For many, it's hard to believe, but I treasure that second picture.  I don't see the tubes, the medical horror.  I see hope.  He lived through the surgery.  He got a much needed red blood cell transfusion.  He had an epidural, and for the first time in months, he was pain free.  He was able to breath regularly again as his diaphragm had room to move.  You may not be there yet, you may still be in shock, images like this may make you want to look away or be horrified I took it. 

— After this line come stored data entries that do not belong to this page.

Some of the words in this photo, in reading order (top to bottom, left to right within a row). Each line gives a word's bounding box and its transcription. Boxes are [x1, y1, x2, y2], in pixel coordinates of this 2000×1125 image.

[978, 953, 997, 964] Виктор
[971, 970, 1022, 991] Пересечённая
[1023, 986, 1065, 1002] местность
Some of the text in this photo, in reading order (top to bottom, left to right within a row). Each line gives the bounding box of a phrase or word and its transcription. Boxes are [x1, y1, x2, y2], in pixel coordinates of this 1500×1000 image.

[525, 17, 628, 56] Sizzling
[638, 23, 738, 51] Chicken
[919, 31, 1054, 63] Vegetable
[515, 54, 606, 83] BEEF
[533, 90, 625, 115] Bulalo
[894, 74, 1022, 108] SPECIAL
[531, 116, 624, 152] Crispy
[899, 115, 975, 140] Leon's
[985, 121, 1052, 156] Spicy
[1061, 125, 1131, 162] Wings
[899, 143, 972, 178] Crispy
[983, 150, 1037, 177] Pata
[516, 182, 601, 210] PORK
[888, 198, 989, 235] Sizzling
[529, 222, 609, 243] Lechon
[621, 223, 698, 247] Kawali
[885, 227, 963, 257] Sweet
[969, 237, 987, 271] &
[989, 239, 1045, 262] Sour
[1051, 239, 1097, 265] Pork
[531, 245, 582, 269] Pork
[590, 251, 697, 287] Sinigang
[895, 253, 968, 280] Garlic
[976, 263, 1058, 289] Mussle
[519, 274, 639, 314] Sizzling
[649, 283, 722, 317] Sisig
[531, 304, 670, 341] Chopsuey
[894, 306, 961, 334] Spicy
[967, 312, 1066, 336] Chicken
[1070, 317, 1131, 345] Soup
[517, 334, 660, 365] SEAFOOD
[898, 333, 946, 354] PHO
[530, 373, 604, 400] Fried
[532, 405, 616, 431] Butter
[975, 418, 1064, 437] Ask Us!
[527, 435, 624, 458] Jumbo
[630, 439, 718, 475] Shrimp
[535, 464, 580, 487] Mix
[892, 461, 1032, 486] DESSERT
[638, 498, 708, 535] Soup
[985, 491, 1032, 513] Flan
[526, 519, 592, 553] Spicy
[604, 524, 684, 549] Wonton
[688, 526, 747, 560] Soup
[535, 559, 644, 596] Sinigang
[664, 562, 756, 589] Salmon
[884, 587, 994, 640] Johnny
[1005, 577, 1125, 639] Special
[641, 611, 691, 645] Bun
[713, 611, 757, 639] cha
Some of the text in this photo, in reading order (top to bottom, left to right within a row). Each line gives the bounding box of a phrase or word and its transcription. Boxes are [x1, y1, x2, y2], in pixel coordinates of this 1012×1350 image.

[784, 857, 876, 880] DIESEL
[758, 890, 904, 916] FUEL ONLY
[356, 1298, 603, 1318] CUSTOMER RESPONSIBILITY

You didn't sign up for this, you didn't want to join the club, but chemosabe, you're in it. So get your steel toed boots on, because well if you don't find an occasion where you want to kick something then at least you'll look like a force to be contended with, because you are now a Cancer Mom. Every club should have a handbook, here's my version of the first chapter, you can find Christy and Gina's below. I am Melissa, you will know me by the length of my posts, sorry it's how I roll.

So you just got diagnosed this is what you need to start equipping yourself with or grappling with, or both:

You cannot stand around wishing your life was normal again. Because guess what sister, it isn’t, and unlike Disneyland, no Make-a-Wish is going to come along and make that happen. You never have to like this, but you absolutely must accept that this is your life now, this is where your path has taken you. Yup, you can make the best of it, yup you can handle it your way, but by golly you are a pediatric cancer mom now. You don’t have to wear it on a lapel pin, but it is there, it will always be there. It doesn’t have to ruin your life, but sitting around wishing to go back? That my friend will. The moms in trouble, they are the ones can't get passed that initial shock and just keep repeating, “I don’t know how this happened? I just want to go back and be normal again!”

We aren’t your neighbor, we are cancer moms. We aren’t going to hold your hand and say “I know sweetie, I wish that, too.” Wishing ain’t going to fix this, so put on some boots and get to kicking, this is your life, nobody is going to come live it for you, so get to living.  Don't sabotage yourself by thinking other Cancer moms are somehow different than you, like we got the secret book and have an advantage.  We all were you once, freshly diagnosed.  We learned along the way, we did it, and so will you.  As an awesome Cancer Mom once shared with me: You don't know how tough you are until you don't have a choice.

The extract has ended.